■ PROBLEM REQUIREMENTS:
Below is a set of records, and all of them should be retyped exactly, minus the pictures.

::::::::::

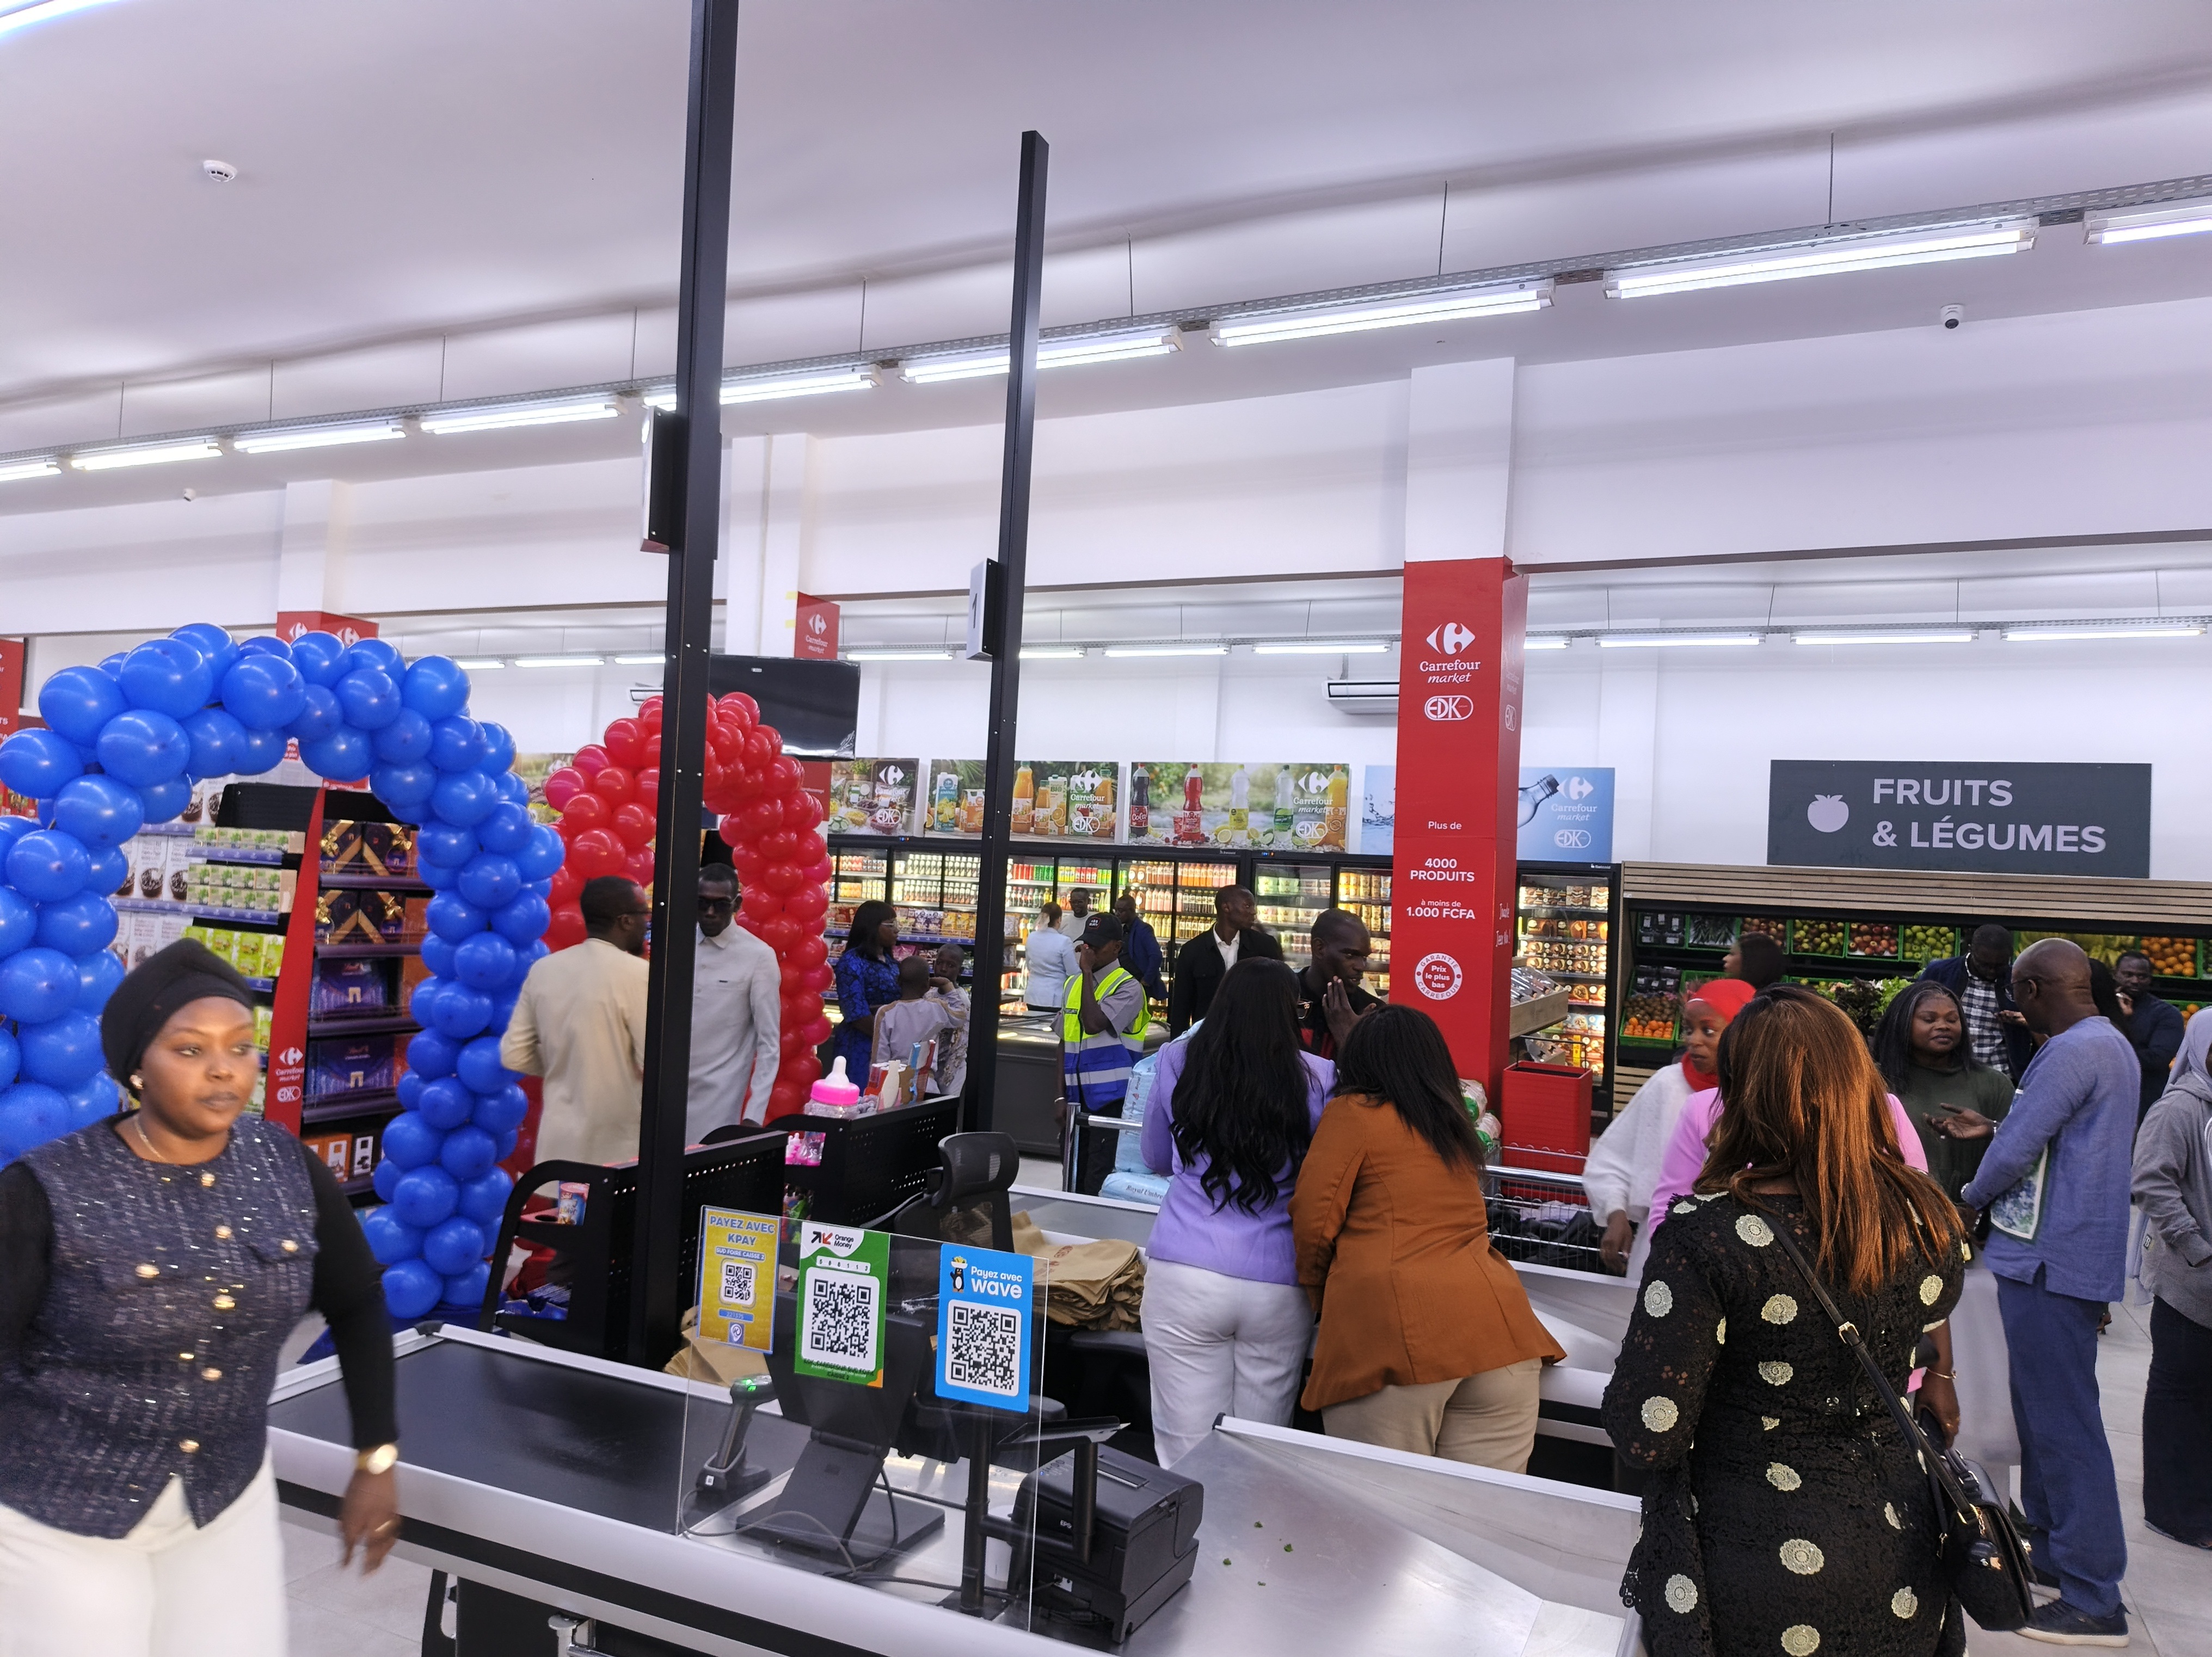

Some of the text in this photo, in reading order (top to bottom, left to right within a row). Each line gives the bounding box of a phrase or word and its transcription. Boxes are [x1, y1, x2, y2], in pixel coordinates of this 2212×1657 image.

[972, 593, 978, 629] 1
[806, 635, 828, 648] Carrefour
[1420, 659, 1481, 672] Carrefour
[1428, 672, 1472, 683] market
[1426, 696, 1463, 719] EDK
[1070, 793, 1105, 802] Carrefour
[1873, 778, 2013, 806] FRUITS
[1293, 797, 1334, 805] Carrefour
[1551, 804, 1597, 812] Carrefour
[1132, 812, 1146, 821] Cola
[1557, 814, 1590, 822] market
[1073, 817, 1094, 832] EDK
[1297, 821, 1320, 839] EDK
[1428, 821, 1448, 830] Plus
[1555, 830, 1583, 848] EDK
[1872, 815, 2106, 853] & LÉGUMES
[1424, 858, 1457, 868] 4000
[1410, 870, 1475, 882] PRODUITS
[1406, 906, 1476, 919] 1.000 FCFA
[1420, 954, 1459, 969] GARANTIE
[1431, 965, 1447, 973] Prix
[1418, 982, 1460, 999] CARREFOUR
[1144, 1189, 1164, 1199] Umbre
[710, 1216, 775, 1234] PAYEZ AVEC
[728, 1234, 757, 1246] KPAY
[834, 1234, 854, 1243] Orange
[834, 1240, 852, 1249] Money
[742, 1251, 760, 1259] CAISSE
[971, 1266, 1022, 1282] Payez avec
[971, 1278, 1022, 1299] wave
[1060, 1520, 1072, 1529] EPS
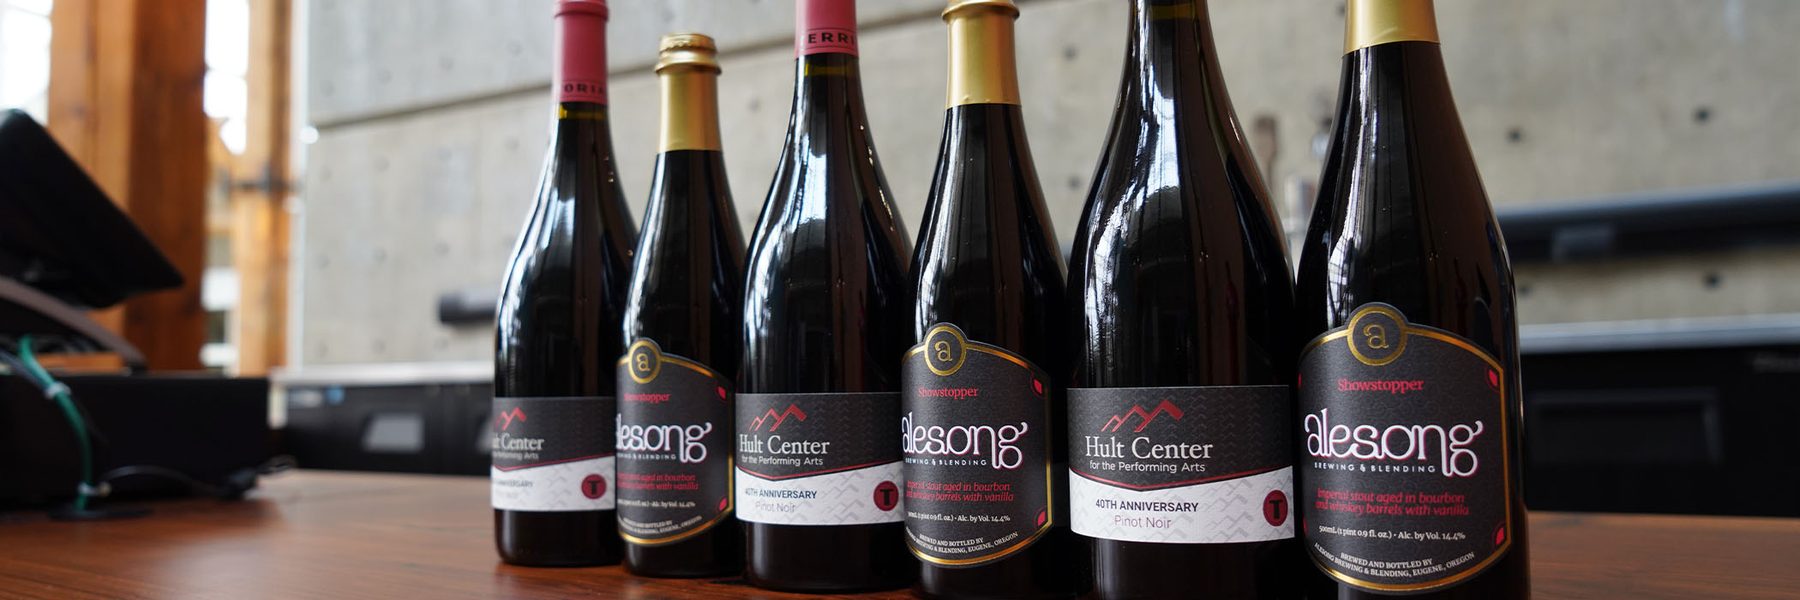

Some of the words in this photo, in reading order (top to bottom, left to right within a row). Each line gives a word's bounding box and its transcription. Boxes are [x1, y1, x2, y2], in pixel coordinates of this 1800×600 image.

[1363, 324, 1389, 348] a
[935, 341, 952, 361] a
[919, 387, 978, 399] Showstopper
[1338, 379, 1424, 394] Showstopper
[501, 432, 545, 450] Center
[739, 434, 763, 453] Hult
[767, 435, 830, 454] Center
[901, 412, 1028, 469] alesong
[1085, 436, 1125, 458] Hult
[1131, 437, 1213, 459] Center
[1304, 407, 1484, 477] alesong
[759, 456, 800, 466] Performing
[804, 457, 823, 465] Arts
[1090, 461, 1100, 470] for
[1102, 461, 1116, 471] the
[1119, 461, 1177, 474] Performing
[1181, 463, 1206, 472] Arts
[1314, 462, 1354, 472] BREWING
[1371, 463, 1436, 472] BLENDING
[588, 481, 600, 495] T
[760, 489, 817, 499] ANNIVERSARY
[964, 482, 971, 491] in
[974, 482, 1010, 491] bourbon
[880, 489, 893, 506] T
[963, 492, 983, 501] with
[985, 492, 1014, 501] vanilla
[1350, 490, 1374, 502] stout
[1376, 492, 1402, 504] aged
[1406, 492, 1416, 502] in
[1419, 492, 1465, 503] bourbon
[1095, 499, 1117, 510] 40TH
[1120, 501, 1199, 512] ANNIVERSARY
[1269, 500, 1283, 520] T
[1330, 501, 1363, 515] whiskey
[1366, 503, 1402, 514] barrels
[1406, 504, 1431, 515] with
[1433, 504, 1470, 516] vanilla
[970, 514, 978, 523] by
[1114, 515, 1142, 528] Pinot
[1146, 516, 1171, 528] Noir
[975, 537, 984, 545] BY
[994, 531, 1018, 546] OREGON
[1343, 526, 1356, 537] pint
[1357, 529, 1368, 537] 0.9
[1369, 528, 1377, 538] fl.
[1377, 530, 1392, 539] oz.)
[1398, 531, 1413, 540] Alc.
[1414, 531, 1425, 541] by
[1426, 532, 1441, 540] Vol.
[1442, 532, 1466, 541] 14.4%
[1334, 556, 1364, 573] BREWING
[1370, 567, 1412, 577] BLENDING,
[1412, 563, 1447, 576] EUGENE,
[1446, 551, 1475, 568] OREGON
[1340, 552, 1368, 566] BREWED
[1369, 560, 1385, 568] AND
[1386, 560, 1420, 569] BOTTLED
[1421, 558, 1433, 566] BY

::::::::::

■ OUTPUT BELOW:
Some of the text in this photo, in reading order (top to bottom, left to right within a row). Each line gives the bounding box of a phrase or word and its transcription. Boxes are [x1, y1, x2, y2], in pixel coordinates of this 2212×1657 image.

[972, 593, 978, 629] 1
[806, 635, 828, 648] Carrefour
[1420, 659, 1481, 672] Carrefour
[1428, 672, 1472, 683] market
[1426, 696, 1463, 719] EDK
[1070, 793, 1105, 802] Carrefour
[1873, 778, 2013, 806] FRUITS
[1293, 797, 1334, 805] Carrefour
[1551, 804, 1597, 812] Carrefour
[1132, 812, 1146, 821] Cola
[1557, 814, 1590, 822] market
[1073, 817, 1094, 832] EDK
[1297, 821, 1320, 839] EDK
[1428, 821, 1448, 830] Plus
[1555, 830, 1583, 848] EDK
[1872, 815, 2106, 853] & LÉGUMES
[1424, 858, 1457, 868] 4000
[1410, 870, 1475, 882] PRODUITS
[1406, 906, 1476, 919] 1.000 FCFA
[1420, 954, 1459, 969] GARANTIE
[1431, 965, 1447, 973] Prix
[1418, 982, 1460, 999] CARREFOUR
[1144, 1189, 1164, 1199] Umbre
[710, 1216, 775, 1234] PAYEZ AVEC
[728, 1234, 757, 1246] KPAY
[834, 1234, 854, 1243] Orange
[834, 1240, 852, 1249] Money
[742, 1251, 760, 1259] CAISSE
[971, 1266, 1022, 1282] Payez avec
[971, 1278, 1022, 1299] wave
[1060, 1520, 1072, 1529] EPS

Some of the words in this photo, in reading order (top to bottom, left to right within a row). Each line gives a word's bounding box and its transcription. Boxes are [x1, y1, x2, y2], in pixel coordinates of this 1800×600 image.

[1363, 324, 1389, 348] a
[935, 341, 952, 361] a
[919, 387, 978, 399] Showstopper
[1338, 379, 1424, 394] Showstopper
[501, 432, 545, 450] Center
[739, 434, 763, 453] Hult
[767, 435, 830, 454] Center
[901, 412, 1028, 469] alesong
[1085, 436, 1125, 458] Hult
[1131, 437, 1213, 459] Center
[1304, 407, 1484, 477] alesong
[759, 456, 800, 466] Performing
[804, 457, 823, 465] Arts
[1090, 461, 1100, 470] for
[1102, 461, 1116, 471] the
[1119, 461, 1177, 474] Performing
[1181, 463, 1206, 472] Arts
[1314, 462, 1354, 472] BREWING
[1371, 463, 1436, 472] BLENDING
[588, 481, 600, 495] T
[760, 489, 817, 499] ANNIVERSARY
[964, 482, 971, 491] in
[974, 482, 1010, 491] bourbon
[880, 489, 893, 506] T
[963, 492, 983, 501] with
[985, 492, 1014, 501] vanilla
[1350, 490, 1374, 502] stout
[1376, 492, 1402, 504] aged
[1406, 492, 1416, 502] in
[1419, 492, 1465, 503] bourbon
[1095, 499, 1117, 510] 40TH
[1120, 501, 1199, 512] ANNIVERSARY
[1269, 500, 1283, 520] T
[1330, 501, 1363, 515] whiskey
[1366, 503, 1402, 514] barrels
[1406, 504, 1431, 515] with
[1433, 504, 1470, 516] vanilla
[970, 514, 978, 523] by
[1114, 515, 1142, 528] Pinot
[1146, 516, 1171, 528] Noir
[975, 537, 984, 545] BY
[994, 531, 1018, 546] OREGON
[1343, 526, 1356, 537] pint
[1357, 529, 1368, 537] 0.9
[1369, 528, 1377, 538] fl.
[1377, 530, 1392, 539] oz.)
[1398, 531, 1413, 540] Alc.
[1414, 531, 1425, 541] by
[1426, 532, 1441, 540] Vol.
[1442, 532, 1466, 541] 14.4%
[1334, 556, 1364, 573] BREWING
[1370, 567, 1412, 577] BLENDING,
[1412, 563, 1447, 576] EUGENE,
[1446, 551, 1475, 568] OREGON
[1340, 552, 1368, 566] BREWED
[1369, 560, 1385, 568] AND
[1386, 560, 1420, 569] BOTTLED
[1421, 558, 1433, 566] BY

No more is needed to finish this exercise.